ASSIGNMENT: Write out, word for word, only the lines from the one containing "this 1600×900 image." through the final line of the data.

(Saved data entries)
══════════════════════════════
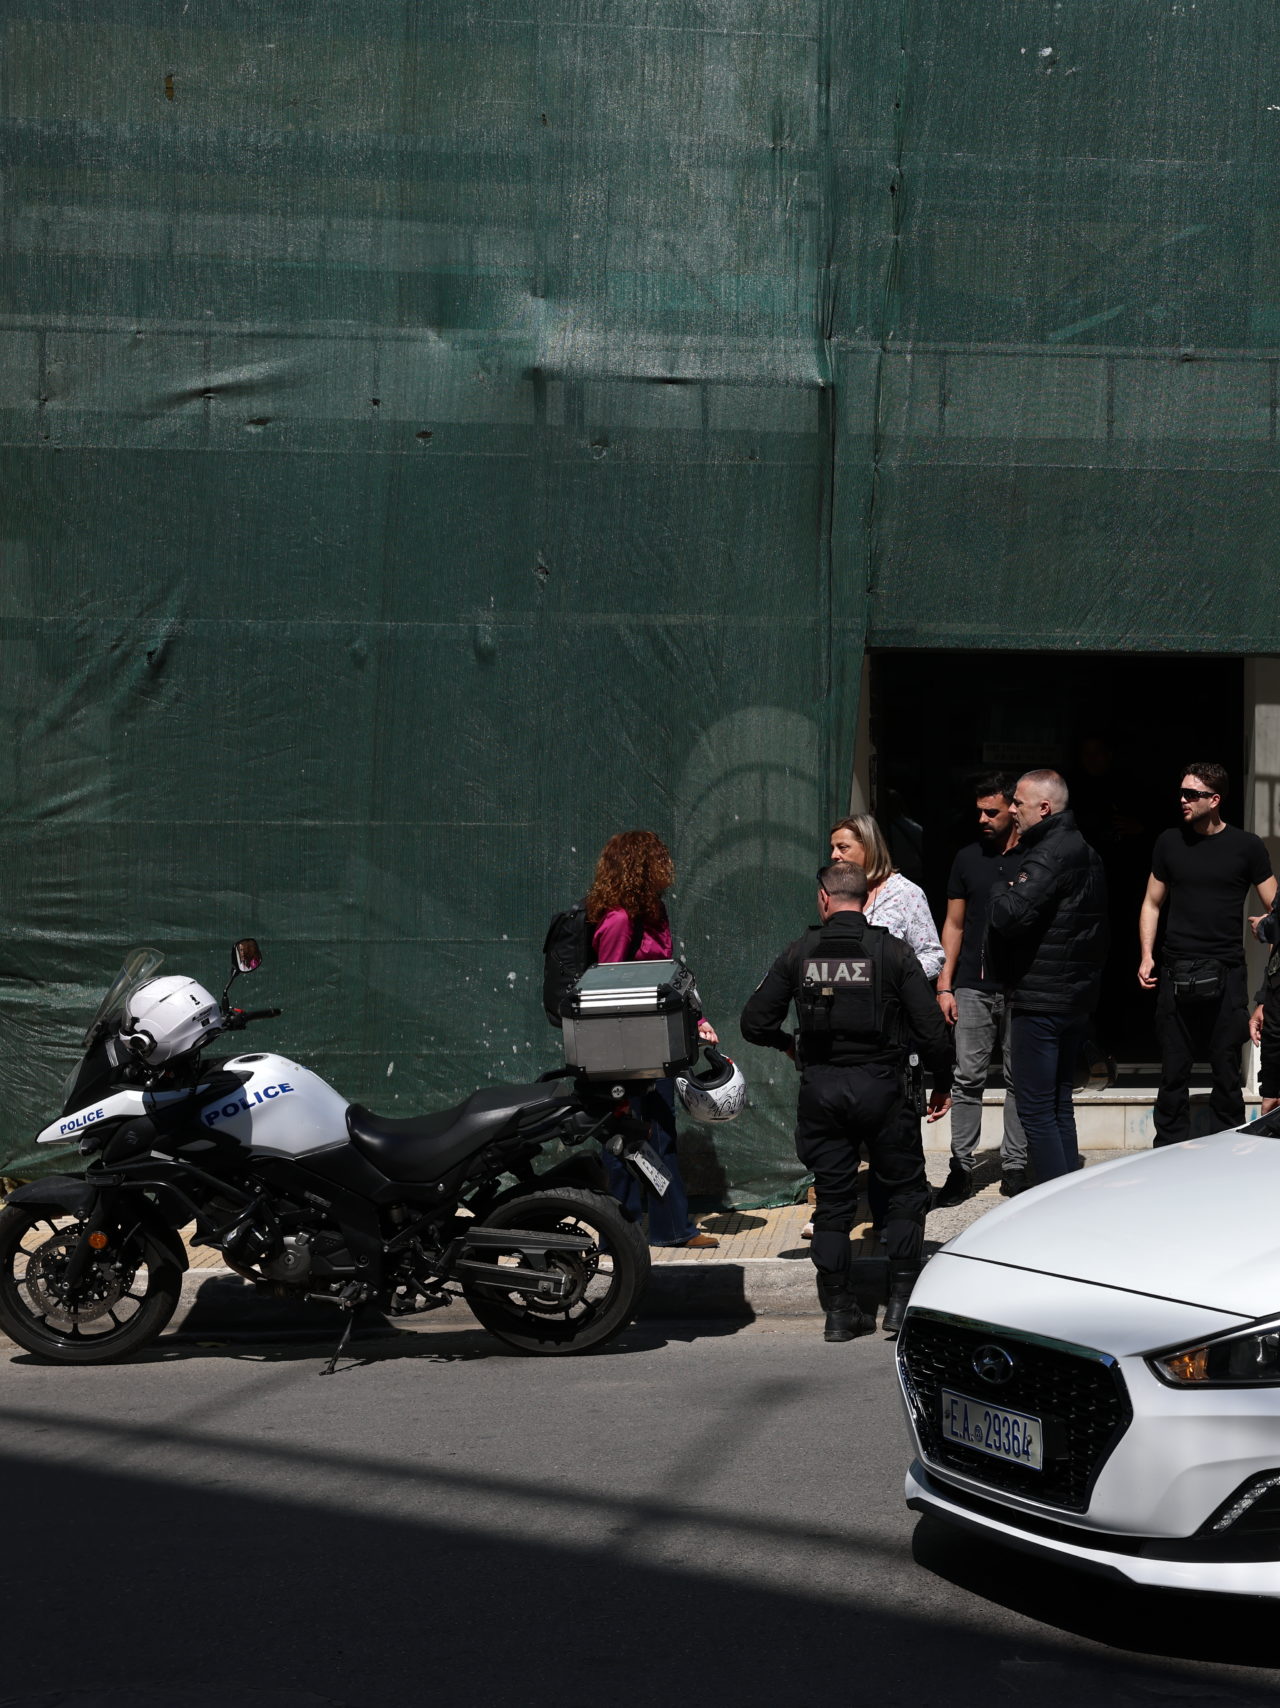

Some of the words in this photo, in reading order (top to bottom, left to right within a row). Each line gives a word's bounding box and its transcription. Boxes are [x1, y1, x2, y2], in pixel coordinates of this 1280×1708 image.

[59, 1108, 105, 1134] POLICE
[204, 1082, 294, 1127] POLICE
[984, 1410, 1031, 1462] 29364
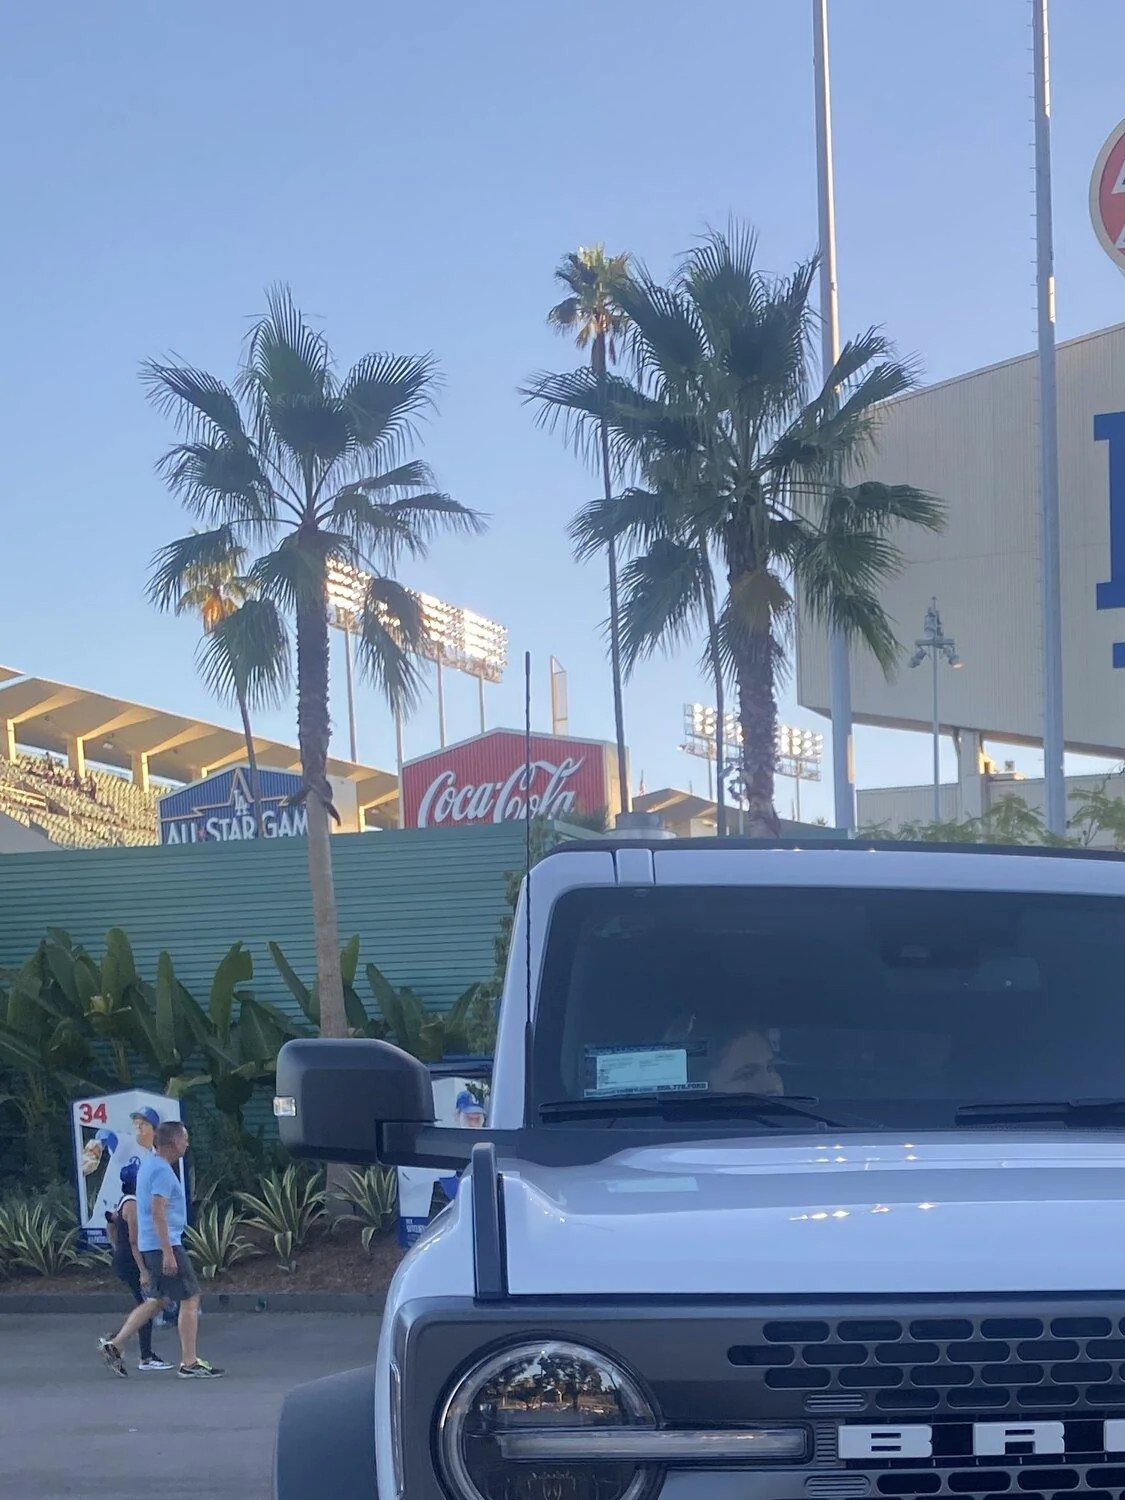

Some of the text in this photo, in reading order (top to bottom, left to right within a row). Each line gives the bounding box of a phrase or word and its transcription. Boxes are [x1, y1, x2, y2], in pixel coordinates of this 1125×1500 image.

[417, 754, 586, 829] Coca-Cola
[205, 815, 256, 842] STAR
[261, 808, 309, 839] GAM
[79, 1103, 107, 1124] 34
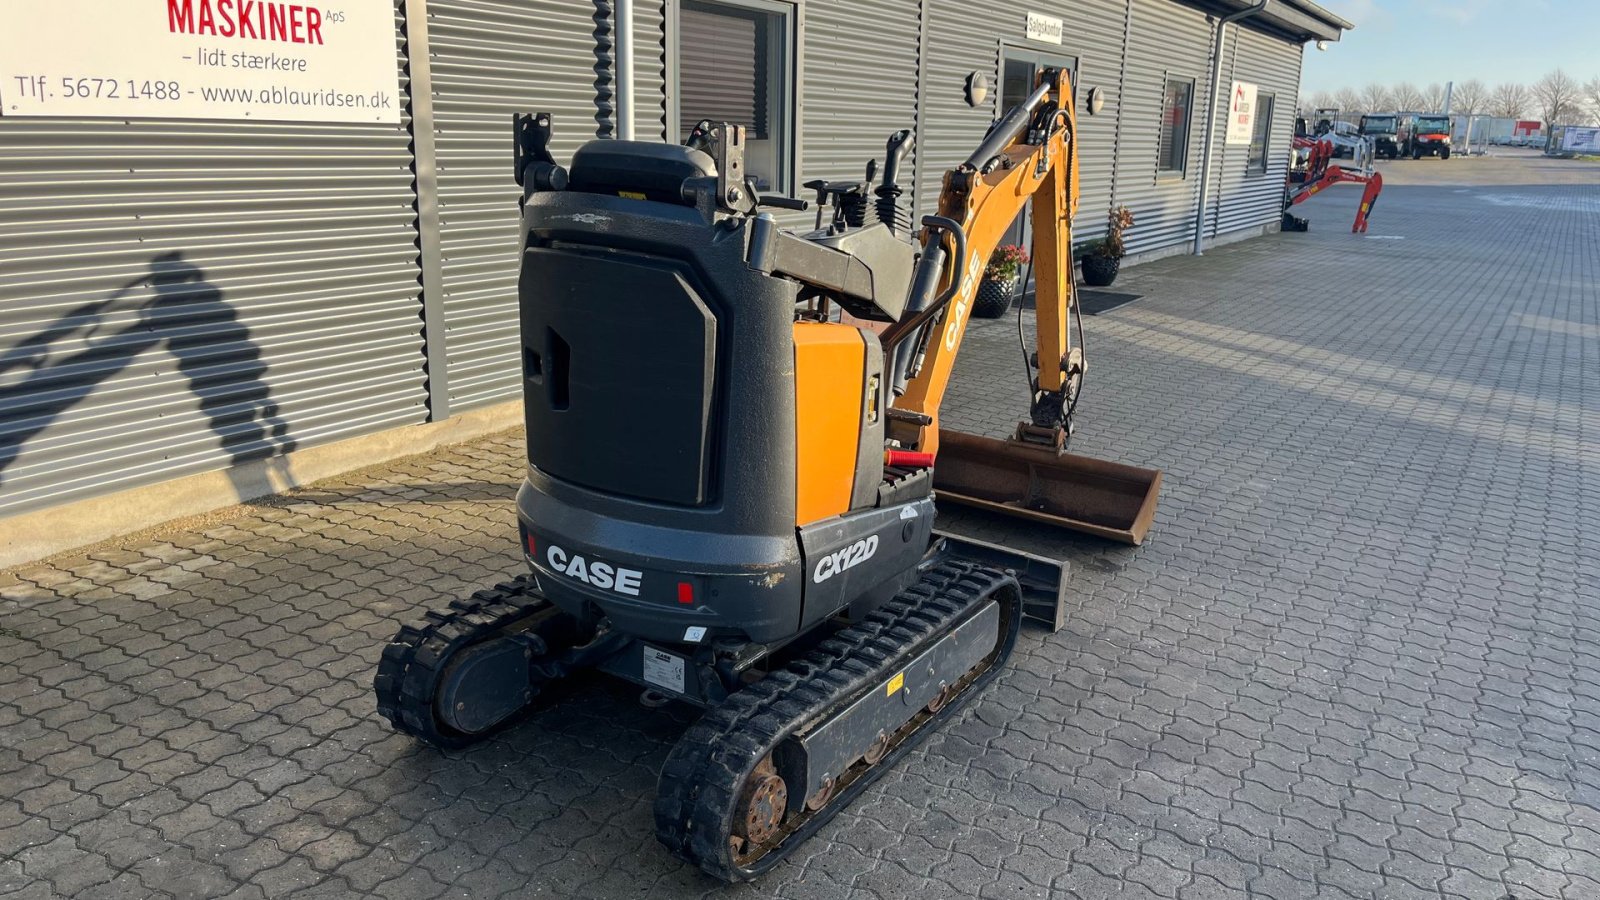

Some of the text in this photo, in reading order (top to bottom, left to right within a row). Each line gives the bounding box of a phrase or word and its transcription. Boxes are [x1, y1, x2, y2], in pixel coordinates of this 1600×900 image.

[167, 0, 345, 45] MASKINER ApS
[1028, 16, 1061, 37] Salgskontor
[198, 47, 227, 67] lidt
[231, 51, 307, 72] stærkere
[14, 75, 53, 103] Tlf.
[62, 77, 119, 99] 5672
[127, 79, 180, 100] 1488
[201, 85, 391, 109] www.ablauridsen.dk
[945, 248, 980, 352] CASE
[546, 545, 643, 596] CASE
[813, 534, 879, 584] CX12D
══════════════════════════════
RESPONSE TO THE TASK:
Some of the text in this photo, in reading order (top to bottom, left to right within a row). Each line gives the bounding box of a phrase or word and its transcription. Boxes are [x1, y1, x2, y2], in pixel coordinates of this 1600×900 image.

[167, 0, 345, 45] MASKINER ApS
[1028, 16, 1061, 37] Salgskontor
[198, 47, 227, 67] lidt
[231, 51, 307, 72] stærkere
[14, 75, 53, 103] Tlf.
[62, 77, 119, 99] 5672
[127, 79, 180, 100] 1488
[201, 85, 391, 109] www.ablauridsen.dk
[945, 248, 980, 352] CASE
[546, 545, 643, 596] CASE
[813, 534, 879, 584] CX12D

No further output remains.